What is expected
Below are entries to return in full. Keep each one exact.

Input
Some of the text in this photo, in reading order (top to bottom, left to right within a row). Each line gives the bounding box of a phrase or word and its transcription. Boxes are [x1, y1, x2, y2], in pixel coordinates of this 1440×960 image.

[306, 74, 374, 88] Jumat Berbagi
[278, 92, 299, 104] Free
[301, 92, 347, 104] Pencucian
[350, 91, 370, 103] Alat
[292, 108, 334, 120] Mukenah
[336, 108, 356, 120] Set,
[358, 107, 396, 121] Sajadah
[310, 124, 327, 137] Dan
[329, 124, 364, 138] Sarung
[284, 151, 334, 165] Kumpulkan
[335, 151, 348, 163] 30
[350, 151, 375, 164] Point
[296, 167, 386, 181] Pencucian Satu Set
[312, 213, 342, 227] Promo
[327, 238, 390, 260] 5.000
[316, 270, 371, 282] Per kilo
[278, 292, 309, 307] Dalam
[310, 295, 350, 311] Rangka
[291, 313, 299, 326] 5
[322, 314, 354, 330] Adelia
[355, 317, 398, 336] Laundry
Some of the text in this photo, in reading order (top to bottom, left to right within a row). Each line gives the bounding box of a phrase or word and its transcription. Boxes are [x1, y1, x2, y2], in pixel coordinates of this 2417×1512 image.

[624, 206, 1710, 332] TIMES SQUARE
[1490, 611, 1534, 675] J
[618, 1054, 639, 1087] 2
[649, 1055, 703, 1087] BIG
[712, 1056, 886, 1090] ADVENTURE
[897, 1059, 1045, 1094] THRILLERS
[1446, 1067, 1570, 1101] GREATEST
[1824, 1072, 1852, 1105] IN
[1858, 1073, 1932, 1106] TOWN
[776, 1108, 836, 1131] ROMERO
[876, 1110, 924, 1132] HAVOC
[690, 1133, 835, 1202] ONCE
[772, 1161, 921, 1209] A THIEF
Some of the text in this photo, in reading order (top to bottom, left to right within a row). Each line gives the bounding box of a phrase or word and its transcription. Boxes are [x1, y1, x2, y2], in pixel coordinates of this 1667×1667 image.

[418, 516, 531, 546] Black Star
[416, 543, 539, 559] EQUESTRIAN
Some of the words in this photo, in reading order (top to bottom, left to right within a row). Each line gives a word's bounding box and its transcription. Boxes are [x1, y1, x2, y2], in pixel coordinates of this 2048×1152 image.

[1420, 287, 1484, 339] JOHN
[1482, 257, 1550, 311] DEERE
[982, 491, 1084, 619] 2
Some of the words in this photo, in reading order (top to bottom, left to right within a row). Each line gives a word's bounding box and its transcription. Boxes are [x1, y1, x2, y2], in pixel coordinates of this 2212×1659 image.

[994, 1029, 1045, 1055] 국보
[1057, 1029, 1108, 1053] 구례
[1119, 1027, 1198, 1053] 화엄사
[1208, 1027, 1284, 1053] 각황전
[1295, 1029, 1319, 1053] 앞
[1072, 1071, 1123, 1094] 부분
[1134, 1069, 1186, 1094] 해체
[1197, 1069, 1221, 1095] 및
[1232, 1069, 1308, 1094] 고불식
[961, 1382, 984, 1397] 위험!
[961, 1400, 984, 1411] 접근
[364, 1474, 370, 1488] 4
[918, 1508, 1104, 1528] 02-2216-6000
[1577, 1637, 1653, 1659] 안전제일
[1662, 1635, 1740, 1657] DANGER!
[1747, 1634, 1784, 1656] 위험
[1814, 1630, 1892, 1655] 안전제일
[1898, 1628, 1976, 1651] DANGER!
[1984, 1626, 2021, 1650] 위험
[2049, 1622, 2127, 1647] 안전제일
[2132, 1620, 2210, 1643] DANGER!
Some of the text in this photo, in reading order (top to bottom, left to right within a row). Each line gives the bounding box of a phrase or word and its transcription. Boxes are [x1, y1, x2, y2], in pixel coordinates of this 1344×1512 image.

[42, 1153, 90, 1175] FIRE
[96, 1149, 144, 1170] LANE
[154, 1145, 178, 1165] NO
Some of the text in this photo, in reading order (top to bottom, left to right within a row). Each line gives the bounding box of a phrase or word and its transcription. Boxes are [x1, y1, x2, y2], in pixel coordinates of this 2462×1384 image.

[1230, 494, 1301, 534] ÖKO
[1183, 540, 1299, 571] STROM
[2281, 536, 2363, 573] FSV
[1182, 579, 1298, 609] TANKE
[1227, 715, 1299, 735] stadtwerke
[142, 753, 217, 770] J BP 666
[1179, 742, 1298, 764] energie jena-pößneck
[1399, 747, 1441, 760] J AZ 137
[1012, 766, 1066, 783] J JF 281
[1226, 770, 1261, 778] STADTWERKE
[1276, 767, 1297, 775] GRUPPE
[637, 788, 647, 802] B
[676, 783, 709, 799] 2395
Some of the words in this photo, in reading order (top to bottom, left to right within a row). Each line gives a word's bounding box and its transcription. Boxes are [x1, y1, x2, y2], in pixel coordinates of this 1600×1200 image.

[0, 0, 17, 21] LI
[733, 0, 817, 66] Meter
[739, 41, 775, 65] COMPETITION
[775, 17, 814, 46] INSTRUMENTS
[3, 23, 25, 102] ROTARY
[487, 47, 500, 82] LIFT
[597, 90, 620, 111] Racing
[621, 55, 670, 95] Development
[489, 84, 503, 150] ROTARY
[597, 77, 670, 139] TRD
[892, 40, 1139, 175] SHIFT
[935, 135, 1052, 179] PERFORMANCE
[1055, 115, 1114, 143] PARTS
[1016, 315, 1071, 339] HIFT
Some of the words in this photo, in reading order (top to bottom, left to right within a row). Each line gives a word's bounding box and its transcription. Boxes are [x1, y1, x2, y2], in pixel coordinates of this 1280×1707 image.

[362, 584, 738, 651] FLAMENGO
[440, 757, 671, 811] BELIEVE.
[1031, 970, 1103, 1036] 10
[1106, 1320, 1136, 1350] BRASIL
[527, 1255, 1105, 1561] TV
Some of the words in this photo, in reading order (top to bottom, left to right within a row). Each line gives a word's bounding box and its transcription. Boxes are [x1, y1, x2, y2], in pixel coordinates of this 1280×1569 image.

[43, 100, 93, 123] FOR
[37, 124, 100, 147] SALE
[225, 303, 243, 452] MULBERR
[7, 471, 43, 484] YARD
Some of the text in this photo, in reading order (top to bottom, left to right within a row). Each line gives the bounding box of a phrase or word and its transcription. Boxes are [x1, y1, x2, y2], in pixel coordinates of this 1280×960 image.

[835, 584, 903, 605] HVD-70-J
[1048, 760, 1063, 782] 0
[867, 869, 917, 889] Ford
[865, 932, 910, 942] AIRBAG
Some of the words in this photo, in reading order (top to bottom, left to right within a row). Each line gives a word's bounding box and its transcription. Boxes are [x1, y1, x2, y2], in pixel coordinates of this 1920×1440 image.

Answer to this task
Some of the text in this photo, in reading order (top to bottom, left to right within a row). Each line gives the bounding box of a phrase or word and its transcription. Boxes are [x1, y1, x2, y2], in pixel coordinates of this 1440×960 image.

[306, 74, 374, 88] Jumat Berbagi
[278, 92, 299, 104] Free
[301, 92, 347, 104] Pencucian
[350, 91, 370, 103] Alat
[292, 108, 334, 120] Mukenah
[336, 108, 356, 120] Set,
[358, 107, 396, 121] Sajadah
[310, 124, 327, 137] Dan
[329, 124, 364, 138] Sarung
[284, 151, 334, 165] Kumpulkan
[335, 151, 348, 163] 30
[350, 151, 375, 164] Point
[296, 167, 386, 181] Pencucian Satu Set
[312, 213, 342, 227] Promo
[327, 238, 390, 260] 5.000
[316, 270, 371, 282] Per kilo
[278, 292, 309, 307] Dalam
[310, 295, 350, 311] Rangka
[291, 313, 299, 326] 5
[322, 314, 354, 330] Adelia
[355, 317, 398, 336] Laundry
Some of the text in this photo, in reading order (top to bottom, left to right within a row). Each line gives the bounding box of a phrase or word and its transcription. Boxes are [x1, y1, x2, y2], in pixel coordinates of this 2417×1512 image.

[624, 206, 1710, 332] TIMES SQUARE
[1490, 611, 1534, 675] J
[618, 1054, 639, 1087] 2
[649, 1055, 703, 1087] BIG
[712, 1056, 886, 1090] ADVENTURE
[897, 1059, 1045, 1094] THRILLERS
[1446, 1067, 1570, 1101] GREATEST
[1824, 1072, 1852, 1105] IN
[1858, 1073, 1932, 1106] TOWN
[776, 1108, 836, 1131] ROMERO
[876, 1110, 924, 1132] HAVOC
[690, 1133, 835, 1202] ONCE
[772, 1161, 921, 1209] A THIEF
Some of the text in this photo, in reading order (top to bottom, left to right within a row). Each line gives the bounding box of a phrase or word and its transcription. Boxes are [x1, y1, x2, y2], in pixel coordinates of this 1667×1667 image.

[418, 516, 531, 546] Black Star
[416, 543, 539, 559] EQUESTRIAN
Some of the words in this photo, in reading order (top to bottom, left to right within a row). Each line gives a word's bounding box and its transcription. Boxes are [x1, y1, x2, y2], in pixel coordinates of this 2048×1152 image.

[1420, 287, 1484, 339] JOHN
[1482, 257, 1550, 311] DEERE
[982, 491, 1084, 619] 2
Some of the words in this photo, in reading order (top to bottom, left to right within a row). Each line gives a word's bounding box and its transcription. Boxes are [x1, y1, x2, y2], in pixel coordinates of this 2212×1659 image.

[994, 1029, 1045, 1055] 국보
[1057, 1029, 1108, 1053] 구례
[1119, 1027, 1198, 1053] 화엄사
[1208, 1027, 1284, 1053] 각황전
[1295, 1029, 1319, 1053] 앞
[1072, 1071, 1123, 1094] 부분
[1134, 1069, 1186, 1094] 해체
[1197, 1069, 1221, 1095] 및
[1232, 1069, 1308, 1094] 고불식
[961, 1382, 984, 1397] 위험!
[961, 1400, 984, 1411] 접근
[364, 1474, 370, 1488] 4
[918, 1508, 1104, 1528] 02-2216-6000
[1577, 1637, 1653, 1659] 안전제일
[1662, 1635, 1740, 1657] DANGER!
[1747, 1634, 1784, 1656] 위험
[1814, 1630, 1892, 1655] 안전제일
[1898, 1628, 1976, 1651] DANGER!
[1984, 1626, 2021, 1650] 위험
[2049, 1622, 2127, 1647] 안전제일
[2132, 1620, 2210, 1643] DANGER!
Some of the text in this photo, in reading order (top to bottom, left to right within a row). Each line gives the bounding box of a phrase or word and its transcription. Boxes are [x1, y1, x2, y2], in pixel coordinates of this 1344×1512 image.

[42, 1153, 90, 1175] FIRE
[96, 1149, 144, 1170] LANE
[154, 1145, 178, 1165] NO
Some of the text in this photo, in reading order (top to bottom, left to right within a row). Each line gives the bounding box of a phrase or word and its transcription. Boxes are [x1, y1, x2, y2], in pixel coordinates of this 2462×1384 image.

[1230, 494, 1301, 534] ÖKO
[1183, 540, 1299, 571] STROM
[2281, 536, 2363, 573] FSV
[1182, 579, 1298, 609] TANKE
[1227, 715, 1299, 735] stadtwerke
[142, 753, 217, 770] J BP 666
[1179, 742, 1298, 764] energie jena-pößneck
[1399, 747, 1441, 760] J AZ 137
[1012, 766, 1066, 783] J JF 281
[1226, 770, 1261, 778] STADTWERKE
[1276, 767, 1297, 775] GRUPPE
[637, 788, 647, 802] B
[676, 783, 709, 799] 2395
Some of the words in this photo, in reading order (top to bottom, left to right within a row). Each line gives a word's bounding box and its transcription. Boxes are [x1, y1, x2, y2], in pixel coordinates of this 1600×1200 image.

[0, 0, 17, 21] LI
[733, 0, 817, 66] Meter
[739, 41, 775, 65] COMPETITION
[775, 17, 814, 46] INSTRUMENTS
[3, 23, 25, 102] ROTARY
[487, 47, 500, 82] LIFT
[597, 90, 620, 111] Racing
[621, 55, 670, 95] Development
[489, 84, 503, 150] ROTARY
[597, 77, 670, 139] TRD
[892, 40, 1139, 175] SHIFT
[935, 135, 1052, 179] PERFORMANCE
[1055, 115, 1114, 143] PARTS
[1016, 315, 1071, 339] HIFT
Some of the words in this photo, in reading order (top to bottom, left to right within a row). Each line gives a word's bounding box and its transcription. Boxes are [x1, y1, x2, y2], in pixel coordinates of this 1280×1707 image.

[362, 584, 738, 651] FLAMENGO
[440, 757, 671, 811] BELIEVE.
[1031, 970, 1103, 1036] 10
[1106, 1320, 1136, 1350] BRASIL
[527, 1255, 1105, 1561] TV
Some of the words in this photo, in reading order (top to bottom, left to right within a row). Each line gives a word's bounding box and its transcription. Boxes are [x1, y1, x2, y2], in pixel coordinates of this 1280×1569 image.

[43, 100, 93, 123] FOR
[37, 124, 100, 147] SALE
[225, 303, 243, 452] MULBERR
[7, 471, 43, 484] YARD
Some of the text in this photo, in reading order (top to bottom, left to right within a row). Each line gives the bounding box of a phrase or word and its transcription. Boxes are [x1, y1, x2, y2], in pixel coordinates of this 1280×960 image.

[835, 584, 903, 605] HVD-70-J
[1048, 760, 1063, 782] 0
[867, 869, 917, 889] Ford
[865, 932, 910, 942] AIRBAG
Some of the words in this photo, in reading order (top to bottom, left to right within a row). Each line gives a word's bounding box and its transcription. Boxes are [x1, y1, x2, y2], in pixel coordinates of this 1920×1440 image.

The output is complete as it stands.